Action item: Copy all the records exactly, but keep the pictures out of your version.

Content starts

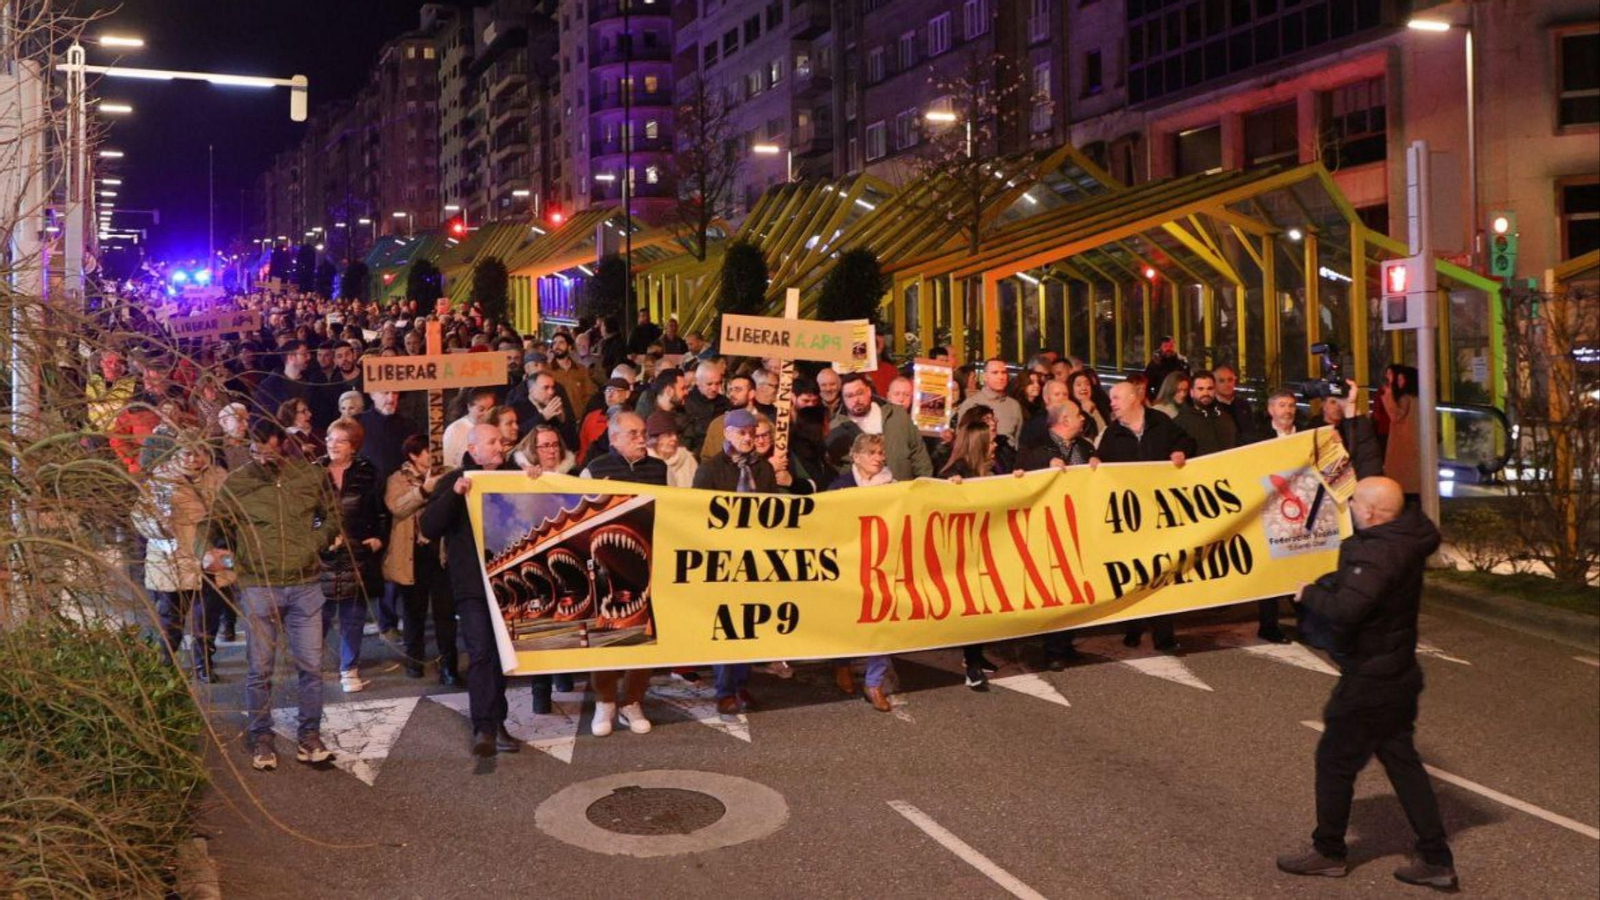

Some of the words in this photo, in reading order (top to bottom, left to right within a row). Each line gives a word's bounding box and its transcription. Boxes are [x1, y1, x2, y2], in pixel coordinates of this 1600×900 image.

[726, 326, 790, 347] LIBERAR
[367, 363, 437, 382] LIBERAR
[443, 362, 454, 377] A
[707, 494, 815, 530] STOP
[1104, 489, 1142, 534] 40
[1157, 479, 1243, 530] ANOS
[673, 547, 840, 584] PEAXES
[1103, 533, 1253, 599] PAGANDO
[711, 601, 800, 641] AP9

Content ends

Solution:
Some of the words in this photo, in reading order (top to bottom, left to right within a row). Each line gives a word's bounding box and its transcription. Boxes are [x1, y1, x2, y2], in pixel coordinates of this 1600×900 image.

[726, 326, 790, 347] LIBERAR
[367, 363, 437, 382] LIBERAR
[443, 362, 454, 377] A
[707, 494, 815, 530] STOP
[1104, 489, 1142, 534] 40
[1157, 479, 1243, 530] ANOS
[673, 547, 840, 584] PEAXES
[1103, 533, 1253, 599] PAGANDO
[711, 601, 800, 641] AP9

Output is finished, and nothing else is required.